Si je t’écris c’est parce comme moi tu sais dans ta chair ce que c’est que l’enfermement, la sensation de solitude encore que tu dois savoir le tapage qui est fait pour te faire connaître et apitoyer le monde. Sais-tu que tu as une page wikipédia avec plus de 2 millions de références toi qui n’as jamais rien fait si ce n’est de conduire un char pour terroriser des enfants et des personnes sans défense.
Sais-tu que ma mère qui vit aussi en France, a remué ciel et terre, en vain pour sensibiliser les pouvoirs publics ? Personne ne l’a reçue en France, mon second pays comme le tien. Ma grand-mère vit en France contrairement à toi. On dit que Nicolas Sarkozy, qui recevait régulièrement à l’Élysée ton père, a dit « le fait que Gilad ait été reconnu Français depuis le début, a beaucoup contribué, je pense, à le préserver en vie ». Il te recevra à Paris bientôt, a-t-il encore dit. On dit que tu as reçu une lettre du président de la France, il est immensément soulagé par ta libération, il décrit même le bonheur et l’émotion des Français que tu ne connais pas et qui ne te connaissent pas, pas plus que moi, mais qui, grâce à un battage médiatique extraordinaire, tu es sur toutes les lèvres de ceux qui font allégeance à Israël par lobby sioniste français interposé. Il paraît que c’est là que se décident les carrières des hommes politiques français. Ta cause est tellement importante pour la France que ton père Noam Shalit, a déposé plainte contre X le 6 juin 2011, devant le procureur de Paris, pour enlèvement et séquestration. Cette plainte engage la justice française à mener une enquête et notamment, réduire la liberté de mouvement des ravisseurs qui ne font que défendre leur pays.
Ma mère
Sais-tu justement où est la France ? Connais-tu quelques mots de français ? Il est vrai que tu as pu avoir ces papiers par, dit-on, ta grand-mère et que même ton père et ta mère ne parlent pas français. Ma mère est française, elle n’a jamais pu, contrairement à tes parents qui sont Israéliens, être reçue par le président de la France et dans sa petite ville qui est aussi la mienne, on m’a fait portrait d’honneur.

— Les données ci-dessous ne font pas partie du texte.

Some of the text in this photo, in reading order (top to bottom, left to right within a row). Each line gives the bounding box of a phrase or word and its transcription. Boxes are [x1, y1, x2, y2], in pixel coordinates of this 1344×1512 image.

On dit que Bertrand Delanoë, maire de la ville de Paris qui est, comme tu dois le savoir, la capitale de la France, et qui ne te connais pas, a insisté pour te dresser sur le fronton de la mairie un immense portrait où tu es représenté non pas en militaire se battant pour son pays mais en civil pour attirer la compassion sur ton visage juvénile qui a dû souffrir du « traitement barbare » qui t’a été infligé par des barbus...
Rien à voir avec mon procès ou comme tu le sais, je suis innocent, mais là aussi cela n’est pas important, j’avais « l’intention » de commettre un acte délictueux,je suis donc coupable de 7 ans de prison où rien ne me fut épargné, même l’isolement. C’est peut-être là que l’on se rejoint. Ma mère s’est lancée en France, en compagnie de personnes honorables éprises de justice dans une campagne pour obtenir ma libération. Mais elle a vite déchanté. Toi et moi n’avons pas pas été traités « sur un pied d’égalité », ne cesse-t-elle de clamer. Pour toi, depuis cinq ans, tout le gratin politique français est mobilisé, la preuve ? Les nombreuses visites à l’Élysée de ton père tandis que ma mère a dû se battre pour décrocher deux rendez-vous avec des conseillers de Nicolas Sarkozy.

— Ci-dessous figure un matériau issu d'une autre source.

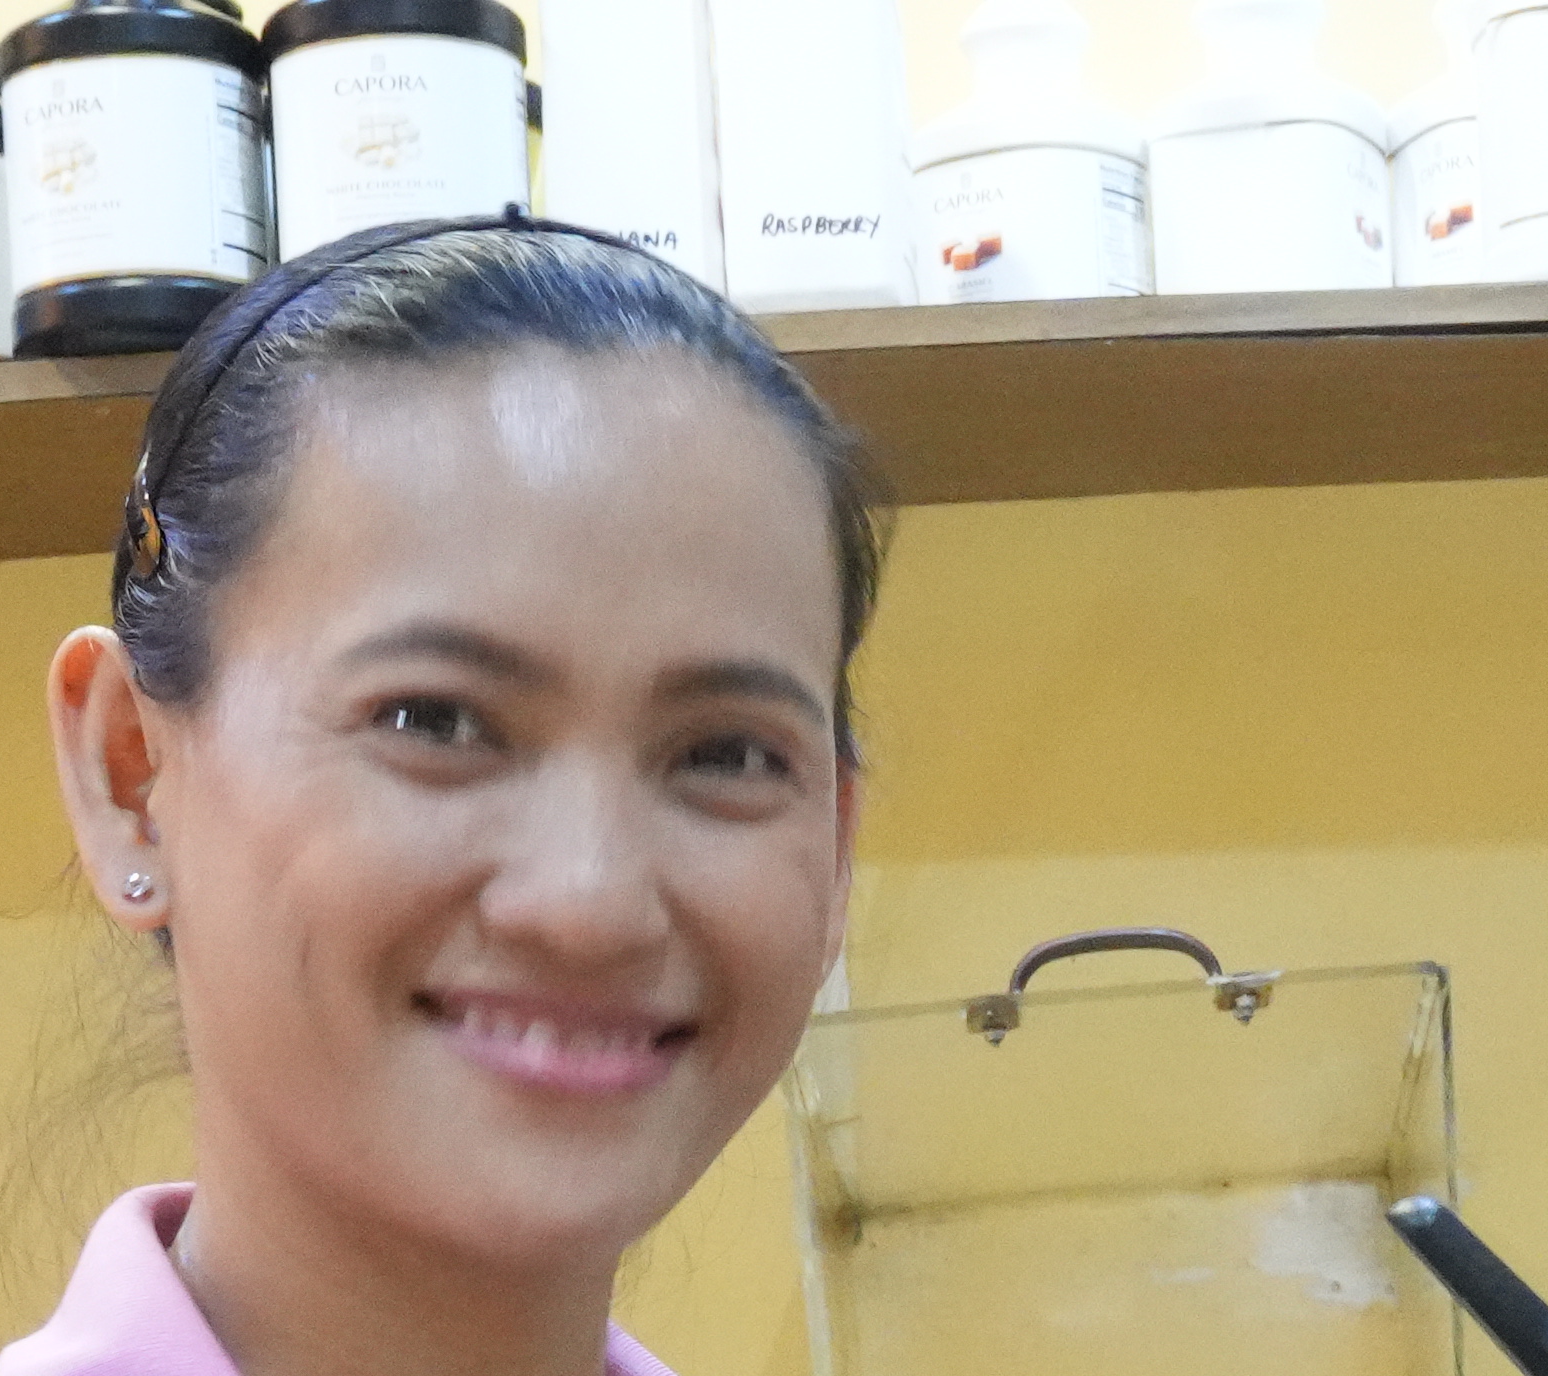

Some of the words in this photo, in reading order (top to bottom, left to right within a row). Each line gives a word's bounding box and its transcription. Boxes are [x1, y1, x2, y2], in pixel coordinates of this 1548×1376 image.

Ma mère a été émue jusqu’aux larmes en écoutant le président parler de ta libération et incidemment de moi : « C’est la première fois dit-elle que Nicolas Sarkozy prononce le nom de mon fils en sept ans. Mais cette phrase n’a pas de sens et demeure même contre-productive. Mon fils doit sortir de prison le 28 novembre prochain. Pourquoi devrait-il attendre le 18 décembre et la seconde vague de libération de prisonniers ? Voilà donc le président, en voulant faire du bien, m’enfonce en demandant au Premier ministre de me faire bénéficier d’un rab de détention pour être dans la charrette de ceux qui seront libérés trois semaines plus tard. Je suis sûr qu’il ne l’a pas fait exprès, mais comme tu sais, un jour de prison c’est une éternité... Même la presse m’a ignoré. Le 27 septembre dernier, j’ai fait une grève de la faim dans la prison de Guilboa (nord d’Israël) en signe de solidarité avec d’autres détenus palestiniens, pour protester contre le durcissement de nos conditions de détention depuis ton enlèvement en 2006 près de quinze mois après moi.
Tu t’es déclaré en faveur de la libération des derniers prisonniers palestiniens détenus en Israël. Tu dis que tu serais très content s’ils étaient relâchés et pouvaient retrouver leurs familles et leurs terres, « sans amertume ». Tes mots sont magnifiques. Ils dénotent une belle sensibilité que tu as dû acquérir pendant ton internement. Tu parles de « retourner vers ma terre ». Laquelle ? Je n’en ai plus. Sais-tu que depuis ton internement il y a eu 100.000 colons nouveaux qui sont venus s’installer chez moi sur les 20% qui me restent justement de ma terre ? Quand tu as été pris, tu participais en juin 2005 avec ton unité de chars faisant un blocus illégal et meurtrier de Ghaza. Sais-tu qu’il y eut seulement que 4 prisonniers israéliens depuis 1994 mais 750.000 Palestiniens ont séjourné dans les geôles israéliennes depuis 1967 ?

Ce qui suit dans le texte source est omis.